Tyson Foods said Wednesday (Dec. 16) an independent investigation into the wagering allegations at its pork plant in Waterloo, Iowa, has led to the firing of seven management employees who were placed on suspension last month.
Tyson Foods suspended top plant leadership without pay after allegations they made light of the COVID-19 pandemic by operating a betting pool for supervisors and managers to wager how many plant employees would test positive.
“We value our people and expect everyone on the team, especially our leaders, to operate with integrity and care in everything we do,” said Tyson Foods President & CEO Dean Banks. “The behaviors exhibited by these individuals do not represent the Tyson core values, which is why we took immediate and appropriate action to get to the truth. Now that the investigation has concluded, we are taking action based on the findings.”
Banks said upon learning of the allegations, he and others immediately traveled to Waterloo in November and again Wednesday to meet with plant employees and community leaders to reinforce Tyson’s commitment to them. He said Tyson is opening more communication channels to hear from employees and creating a working group of local community leaders to strengthen collaboration all while reinforcing the importance of Tyson’s published core values and employee mission.
“The commitment and passion that our team members exhibit every day is core to who we are at Tyson. We were very upset to learn of the behaviors found in the allegations, as we expect our leaders to treat all team members with the highest levels of respect and integrity,” said Banks. “That’s why we have asked former Attorney General Eric Holder and his team to partner with Tyson to help us as we continue to look for ways to enhance a trusting and respectful workplace.”
Tyson was also hit with another lawsuit in Iowa from the family of Michale Everhard, an employee who died in June after contracting COVID-19. This is the fifth lawsuit against Tyson in recent months relating to COVID-19 deaths among its workforce in Iowa. The Everhard suit accuses Tyson Foods of failing to maintain social distancing between employees and inadequately training workers and cleaning work areas in response to the spread of COVID-19 in the Storm Lake, Iowa fresh meats plant.

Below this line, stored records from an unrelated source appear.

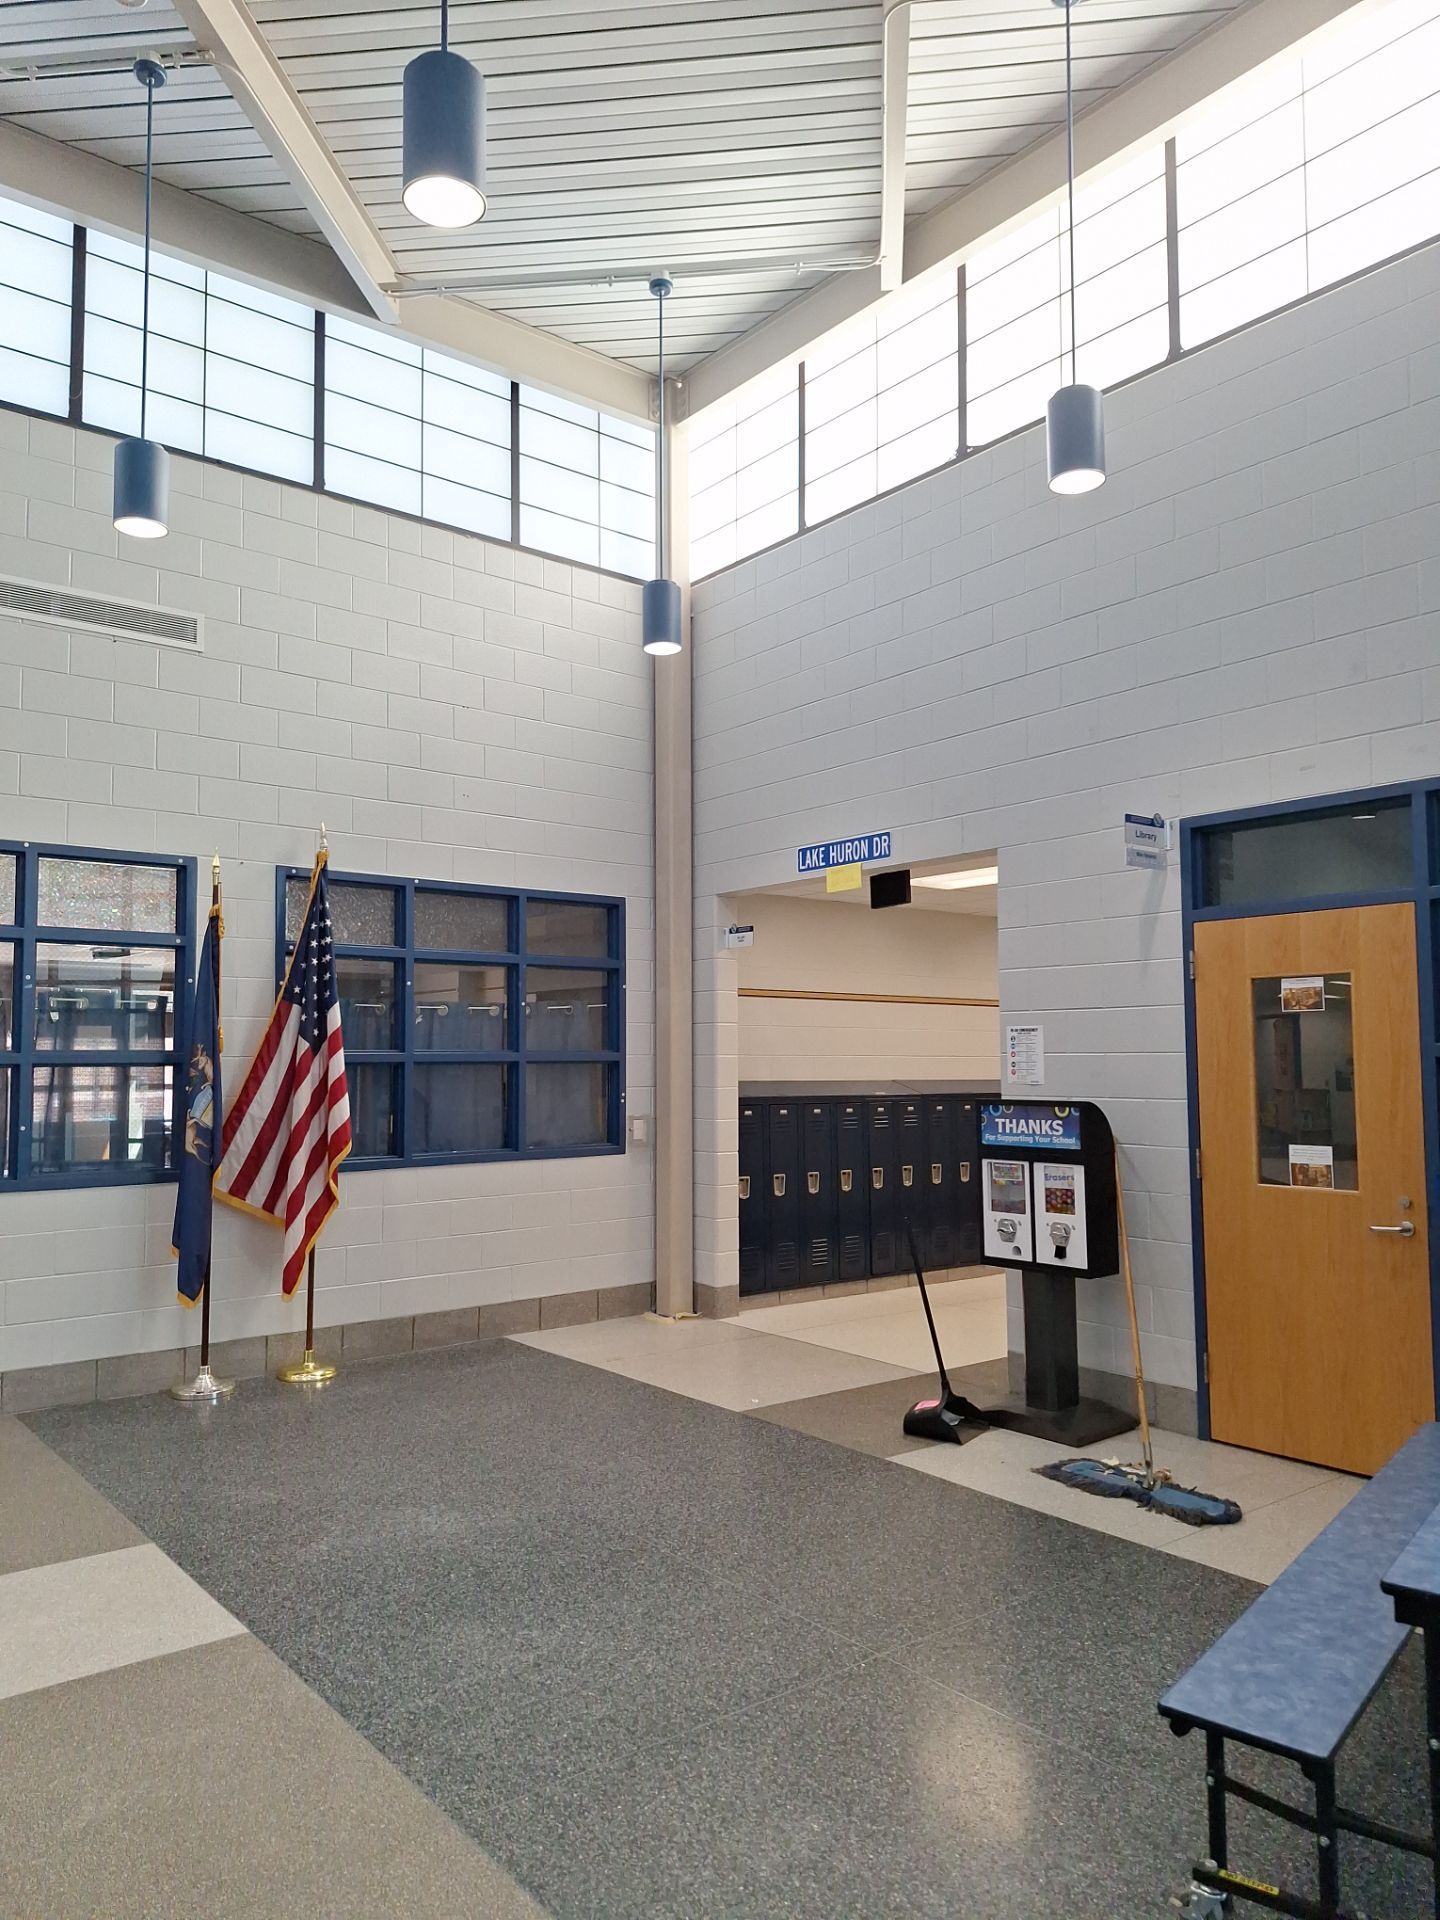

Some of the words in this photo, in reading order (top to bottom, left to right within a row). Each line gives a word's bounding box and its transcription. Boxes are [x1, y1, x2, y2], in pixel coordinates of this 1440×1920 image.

[1135, 830, 1157, 842] Library
[799, 848, 826, 869] LAKE
[829, 839, 868, 864] HURON
[873, 835, 889, 857] DR
[995, 1119, 1063, 1135] THANKS
[985, 1133, 996, 1141] For
[997, 1134, 1033, 1143] Supporting
[1035, 1135, 1051, 1143] Your
[1052, 1136, 1076, 1144] School

Tyson Foods released the following statement regarding this latest suit: “We’re saddened by the loss of any Tyson team member and sympathize with their families. Our top priority is the health and safety of our workers and we’ve implemented a host of protective measures at our facilities that meet or exceed CDC and OSHA guidance for preventing COVID-19.”
The United Food and Commercial Workers International Union issued the following statement on Nov. 23 about the Tyson workplace allegations.
“America’s meatpacking workers are dying on the frontlines of this pandemic, putting themselves in harm’s way to ensure our families can put food on the table this Thanksgiving. This shocking report of supervisors allegedly taking bets on how many workers would get infected, pressuring sick workers to stay on the job, and failing to enforce basic safety standards, should outrage every American.
“These stunning safety failures make clear that the Trump Administration and Iowa Governor Kim Reynolds care more about industry profits than protecting America’s frontline workers. Protecting our country’s meatpacking workers is essential to keeping our food supply secure. We are continuing to call on elected leaders to implement an enforceable national safety standard, increased access to PPE and COVID-19 testing, and rigorous proactive inspections.
“Without immediate action, deadly outbreaks like this will quickly spread across the Midwest and cause COVID-19 cases to spike even higher. Our country’s meatpacking workers, and the millions of American they serve, deserve and expect better from those sworn to protect us.”